*** MATERIAL PROVIDED ***

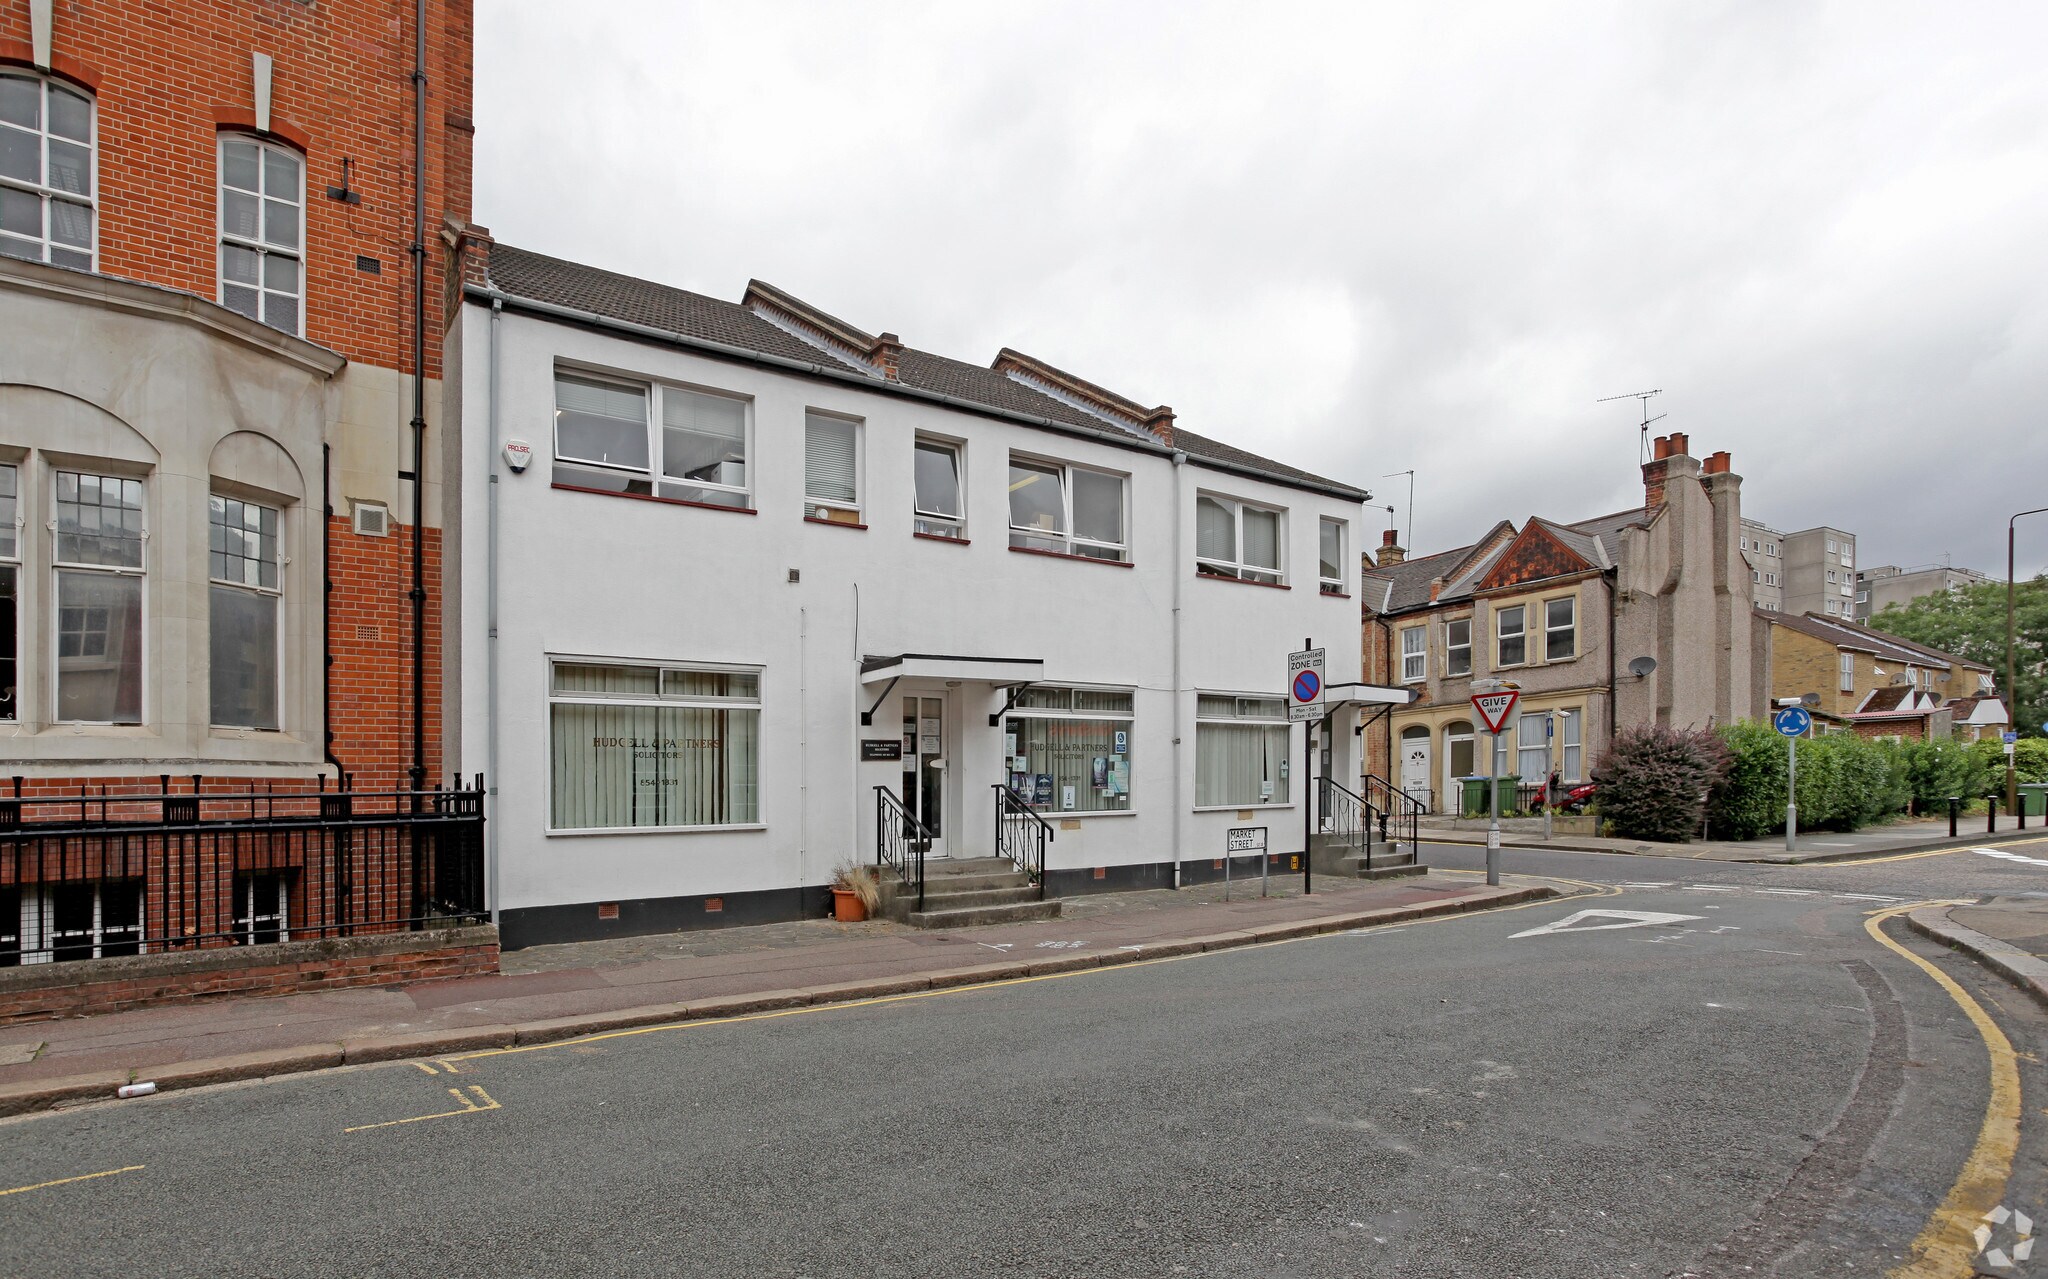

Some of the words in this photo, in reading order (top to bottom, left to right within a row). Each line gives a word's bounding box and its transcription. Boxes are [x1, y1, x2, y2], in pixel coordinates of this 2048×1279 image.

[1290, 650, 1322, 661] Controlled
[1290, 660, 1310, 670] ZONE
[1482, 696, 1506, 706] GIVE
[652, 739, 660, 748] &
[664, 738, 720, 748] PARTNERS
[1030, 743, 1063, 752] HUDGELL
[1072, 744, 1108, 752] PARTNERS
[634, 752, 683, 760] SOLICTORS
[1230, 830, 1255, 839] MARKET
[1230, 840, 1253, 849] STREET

*** End of MATERIAL PROVIDED ***

PROBLEM DETAILS:
Omit the pictures and repeat the rest of the listing verbatim.

EXERCISE RESULT:
Some of the words in this photo, in reading order (top to bottom, left to right within a row). Each line gives a word's bounding box and its transcription. Boxes are [x1, y1, x2, y2], in pixel coordinates of this 2048×1279 image.

[1290, 650, 1322, 661] Controlled
[1290, 660, 1310, 670] ZONE
[1482, 696, 1506, 706] GIVE
[652, 739, 660, 748] &
[664, 738, 720, 748] PARTNERS
[1030, 743, 1063, 752] HUDGELL
[1072, 744, 1108, 752] PARTNERS
[634, 752, 683, 760] SOLICTORS
[1230, 830, 1255, 839] MARKET
[1230, 840, 1253, 849] STREET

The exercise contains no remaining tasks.